◆ Source records:
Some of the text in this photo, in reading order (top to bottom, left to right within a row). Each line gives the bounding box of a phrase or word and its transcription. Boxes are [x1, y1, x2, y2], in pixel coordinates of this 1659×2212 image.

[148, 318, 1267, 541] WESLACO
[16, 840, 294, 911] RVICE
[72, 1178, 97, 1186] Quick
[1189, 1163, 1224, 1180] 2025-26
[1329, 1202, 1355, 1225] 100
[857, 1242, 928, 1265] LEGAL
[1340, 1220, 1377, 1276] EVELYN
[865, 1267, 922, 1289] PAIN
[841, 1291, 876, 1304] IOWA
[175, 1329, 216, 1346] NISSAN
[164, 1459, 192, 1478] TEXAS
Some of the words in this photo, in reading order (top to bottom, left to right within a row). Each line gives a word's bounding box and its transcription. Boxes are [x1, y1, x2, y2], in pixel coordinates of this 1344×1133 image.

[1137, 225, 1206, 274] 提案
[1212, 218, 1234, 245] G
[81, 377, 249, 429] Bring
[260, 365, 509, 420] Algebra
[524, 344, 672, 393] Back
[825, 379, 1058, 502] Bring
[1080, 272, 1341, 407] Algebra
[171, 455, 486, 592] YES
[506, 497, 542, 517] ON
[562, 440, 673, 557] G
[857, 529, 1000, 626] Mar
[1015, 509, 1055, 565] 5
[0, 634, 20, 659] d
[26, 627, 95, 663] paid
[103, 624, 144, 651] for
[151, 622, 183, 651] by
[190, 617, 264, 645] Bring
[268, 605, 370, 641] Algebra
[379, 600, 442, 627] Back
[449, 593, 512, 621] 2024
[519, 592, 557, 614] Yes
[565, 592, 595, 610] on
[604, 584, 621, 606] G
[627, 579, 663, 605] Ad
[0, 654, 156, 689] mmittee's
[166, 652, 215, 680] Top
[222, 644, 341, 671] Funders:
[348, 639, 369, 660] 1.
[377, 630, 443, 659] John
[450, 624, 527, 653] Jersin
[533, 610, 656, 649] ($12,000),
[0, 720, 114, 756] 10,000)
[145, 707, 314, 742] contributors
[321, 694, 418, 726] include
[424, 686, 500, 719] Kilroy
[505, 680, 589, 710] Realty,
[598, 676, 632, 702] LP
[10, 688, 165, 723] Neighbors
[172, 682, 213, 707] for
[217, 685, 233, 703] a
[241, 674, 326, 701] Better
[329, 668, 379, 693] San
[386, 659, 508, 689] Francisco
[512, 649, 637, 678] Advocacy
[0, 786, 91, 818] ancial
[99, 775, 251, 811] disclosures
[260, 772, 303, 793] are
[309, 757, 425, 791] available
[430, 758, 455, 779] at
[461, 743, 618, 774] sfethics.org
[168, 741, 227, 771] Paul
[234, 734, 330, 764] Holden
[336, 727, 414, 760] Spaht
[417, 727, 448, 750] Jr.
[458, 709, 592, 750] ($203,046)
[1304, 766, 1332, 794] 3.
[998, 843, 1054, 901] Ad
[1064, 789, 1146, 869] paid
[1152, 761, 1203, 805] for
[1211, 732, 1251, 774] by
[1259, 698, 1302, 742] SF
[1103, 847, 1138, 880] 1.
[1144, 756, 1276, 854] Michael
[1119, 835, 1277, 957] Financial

◆ Task prompt: Take the records above and write each one out again exactly.

◆ Worked solution:
Some of the text in this photo, in reading order (top to bottom, left to right within a row). Each line gives the bounding box of a phrase or word and its transcription. Boxes are [x1, y1, x2, y2], in pixel coordinates of this 1659×2212 image.

[148, 318, 1267, 541] WESLACO
[16, 840, 294, 911] RVICE
[72, 1178, 97, 1186] Quick
[1189, 1163, 1224, 1180] 2025-26
[1329, 1202, 1355, 1225] 100
[857, 1242, 928, 1265] LEGAL
[1340, 1220, 1377, 1276] EVELYN
[865, 1267, 922, 1289] PAIN
[841, 1291, 876, 1304] IOWA
[175, 1329, 216, 1346] NISSAN
[164, 1459, 192, 1478] TEXAS
Some of the words in this photo, in reading order (top to bottom, left to right within a row). Each line gives a word's bounding box and its transcription. Boxes are [x1, y1, x2, y2], in pixel coordinates of this 1344×1133 image.

[1137, 225, 1206, 274] 提案
[1212, 218, 1234, 245] G
[81, 377, 249, 429] Bring
[260, 365, 509, 420] Algebra
[524, 344, 672, 393] Back
[825, 379, 1058, 502] Bring
[1080, 272, 1341, 407] Algebra
[171, 455, 486, 592] YES
[506, 497, 542, 517] ON
[562, 440, 673, 557] G
[857, 529, 1000, 626] Mar
[1015, 509, 1055, 565] 5
[0, 634, 20, 659] d
[26, 627, 95, 663] paid
[103, 624, 144, 651] for
[151, 622, 183, 651] by
[190, 617, 264, 645] Bring
[268, 605, 370, 641] Algebra
[379, 600, 442, 627] Back
[449, 593, 512, 621] 2024
[519, 592, 557, 614] Yes
[565, 592, 595, 610] on
[604, 584, 621, 606] G
[627, 579, 663, 605] Ad
[0, 654, 156, 689] mmittee's
[166, 652, 215, 680] Top
[222, 644, 341, 671] Funders:
[348, 639, 369, 660] 1.
[377, 630, 443, 659] John
[450, 624, 527, 653] Jersin
[533, 610, 656, 649] ($12,000),
[0, 720, 114, 756] 10,000)
[145, 707, 314, 742] contributors
[321, 694, 418, 726] include
[424, 686, 500, 719] Kilroy
[505, 680, 589, 710] Realty,
[598, 676, 632, 702] LP
[10, 688, 165, 723] Neighbors
[172, 682, 213, 707] for
[217, 685, 233, 703] a
[241, 674, 326, 701] Better
[329, 668, 379, 693] San
[386, 659, 508, 689] Francisco
[512, 649, 637, 678] Advocacy
[0, 786, 91, 818] ancial
[99, 775, 251, 811] disclosures
[260, 772, 303, 793] are
[309, 757, 425, 791] available
[430, 758, 455, 779] at
[461, 743, 618, 774] sfethics.org
[168, 741, 227, 771] Paul
[234, 734, 330, 764] Holden
[336, 727, 414, 760] Spaht
[417, 727, 448, 750] Jr.
[458, 709, 592, 750] ($203,046)
[1304, 766, 1332, 794] 3.
[998, 843, 1054, 901] Ad
[1064, 789, 1146, 869] paid
[1152, 761, 1203, 805] for
[1211, 732, 1251, 774] by
[1259, 698, 1302, 742] SF
[1103, 847, 1138, 880] 1.
[1144, 756, 1276, 854] Michael
[1119, 835, 1277, 957] Financial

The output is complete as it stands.